* Records for the task
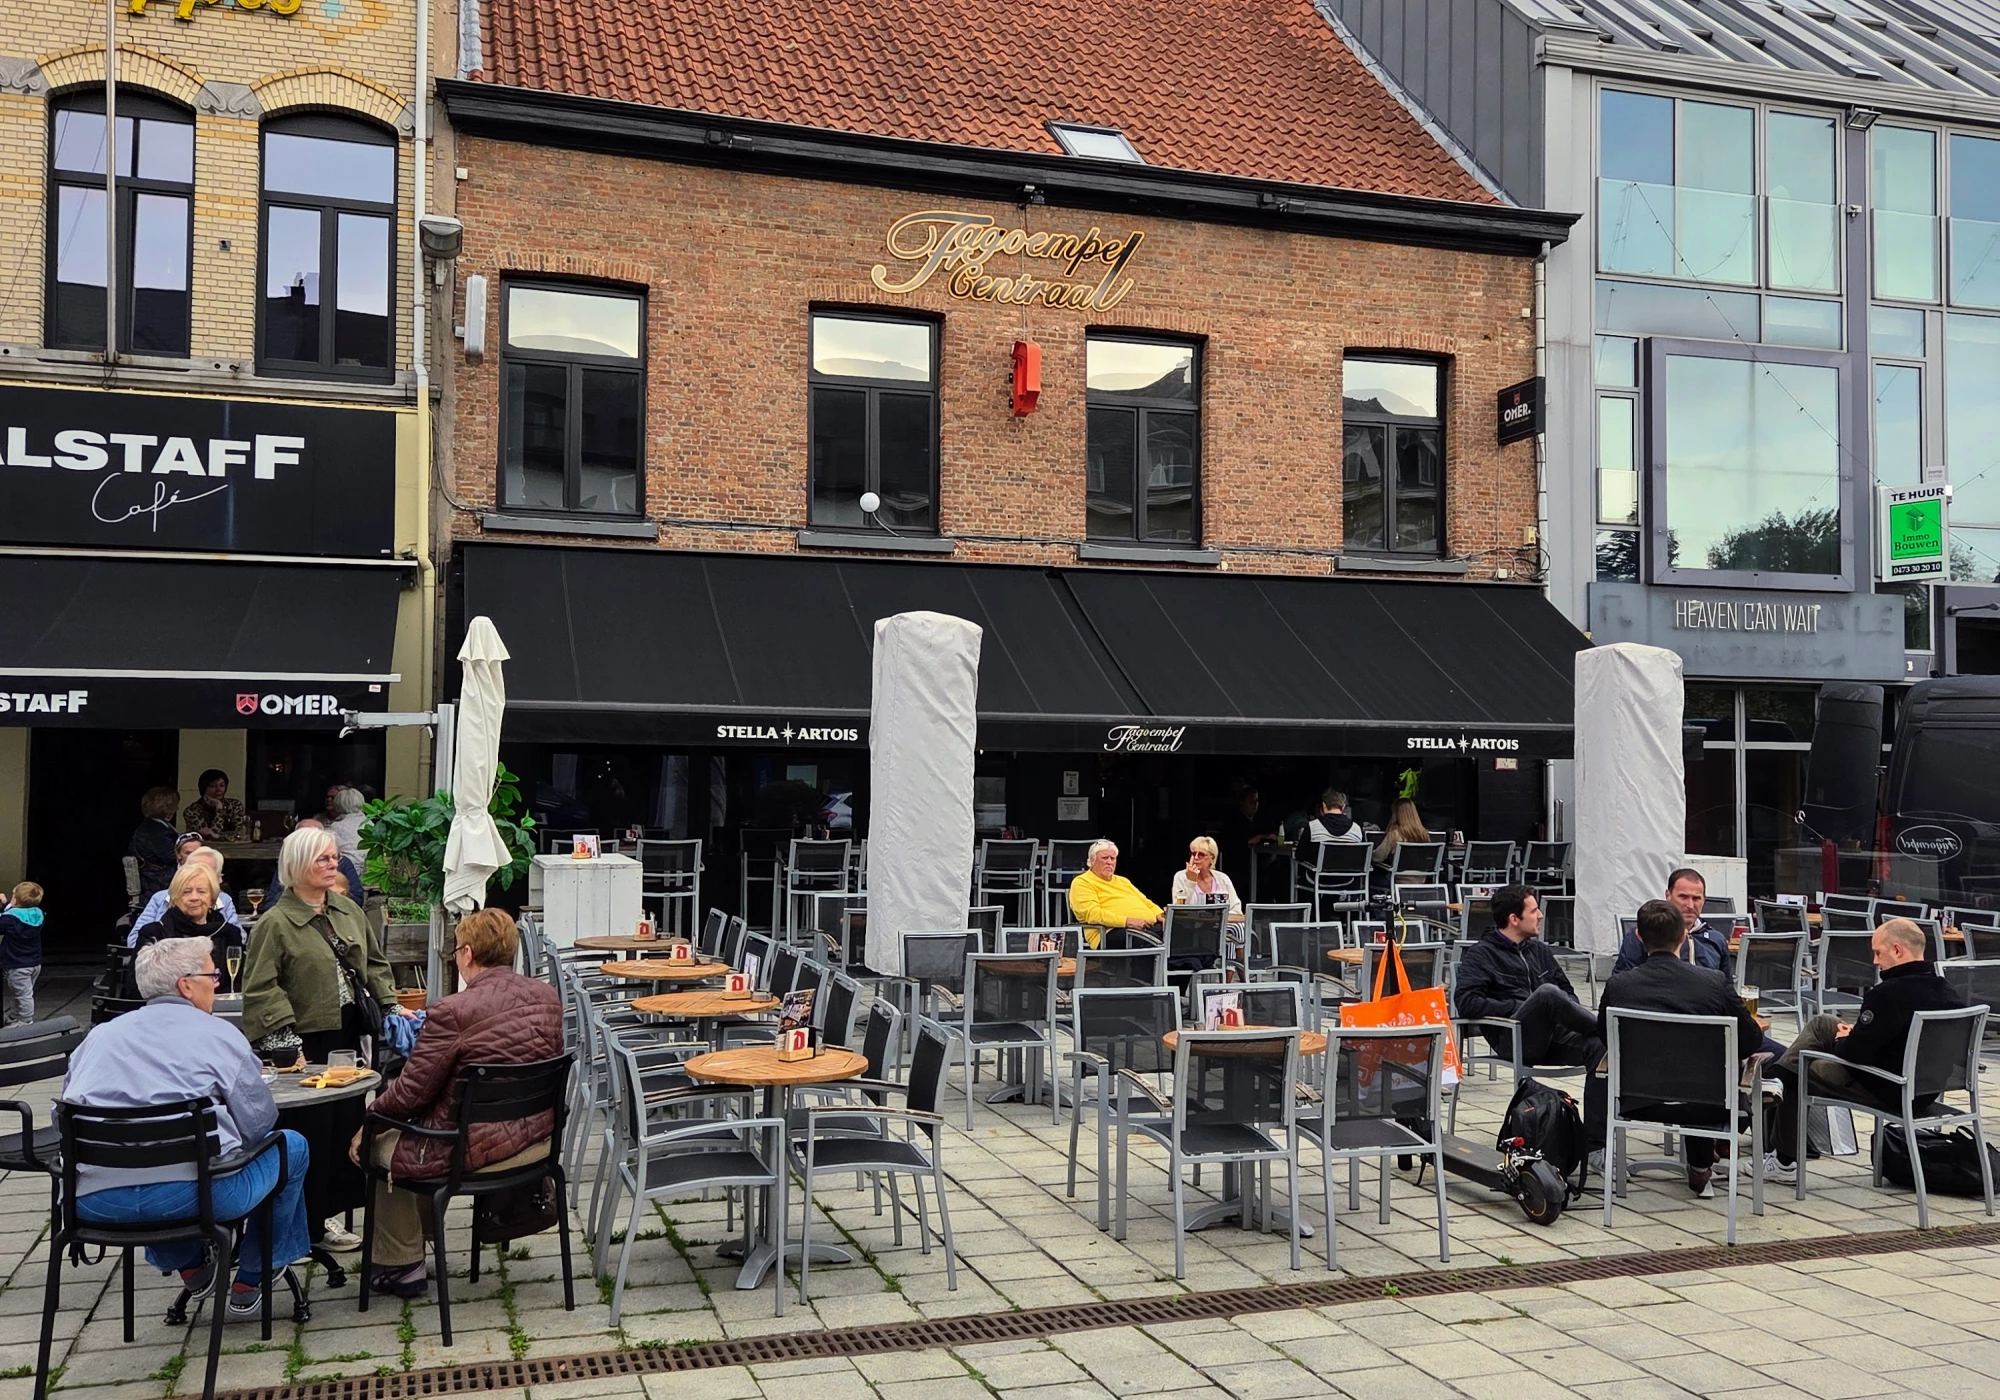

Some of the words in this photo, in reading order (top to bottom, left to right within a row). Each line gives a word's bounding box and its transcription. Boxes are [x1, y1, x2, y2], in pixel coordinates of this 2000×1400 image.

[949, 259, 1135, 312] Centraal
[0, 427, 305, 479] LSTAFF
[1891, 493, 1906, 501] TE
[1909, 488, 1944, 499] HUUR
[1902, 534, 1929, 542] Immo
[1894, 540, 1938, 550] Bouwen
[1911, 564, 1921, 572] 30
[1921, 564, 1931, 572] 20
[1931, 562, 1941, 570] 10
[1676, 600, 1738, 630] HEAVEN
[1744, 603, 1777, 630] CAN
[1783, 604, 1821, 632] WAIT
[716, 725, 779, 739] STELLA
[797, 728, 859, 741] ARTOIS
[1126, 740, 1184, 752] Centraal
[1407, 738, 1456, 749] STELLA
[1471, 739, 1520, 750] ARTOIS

* Task description
When you copy the data, keep every line exact and drop the pictures.

* Result for this exercise
Some of the words in this photo, in reading order (top to bottom, left to right within a row). Each line gives a word's bounding box and its transcription. Boxes are [x1, y1, x2, y2], in pixel coordinates of this 2000×1400 image.

[949, 259, 1135, 312] Centraal
[0, 427, 305, 479] LSTAFF
[1891, 493, 1906, 501] TE
[1909, 488, 1944, 499] HUUR
[1902, 534, 1929, 542] Immo
[1894, 540, 1938, 550] Bouwen
[1911, 564, 1921, 572] 30
[1921, 564, 1931, 572] 20
[1931, 562, 1941, 570] 10
[1676, 600, 1738, 630] HEAVEN
[1744, 603, 1777, 630] CAN
[1783, 604, 1821, 632] WAIT
[716, 725, 779, 739] STELLA
[797, 728, 859, 741] ARTOIS
[1126, 740, 1184, 752] Centraal
[1407, 738, 1456, 749] STELLA
[1471, 739, 1520, 750] ARTOIS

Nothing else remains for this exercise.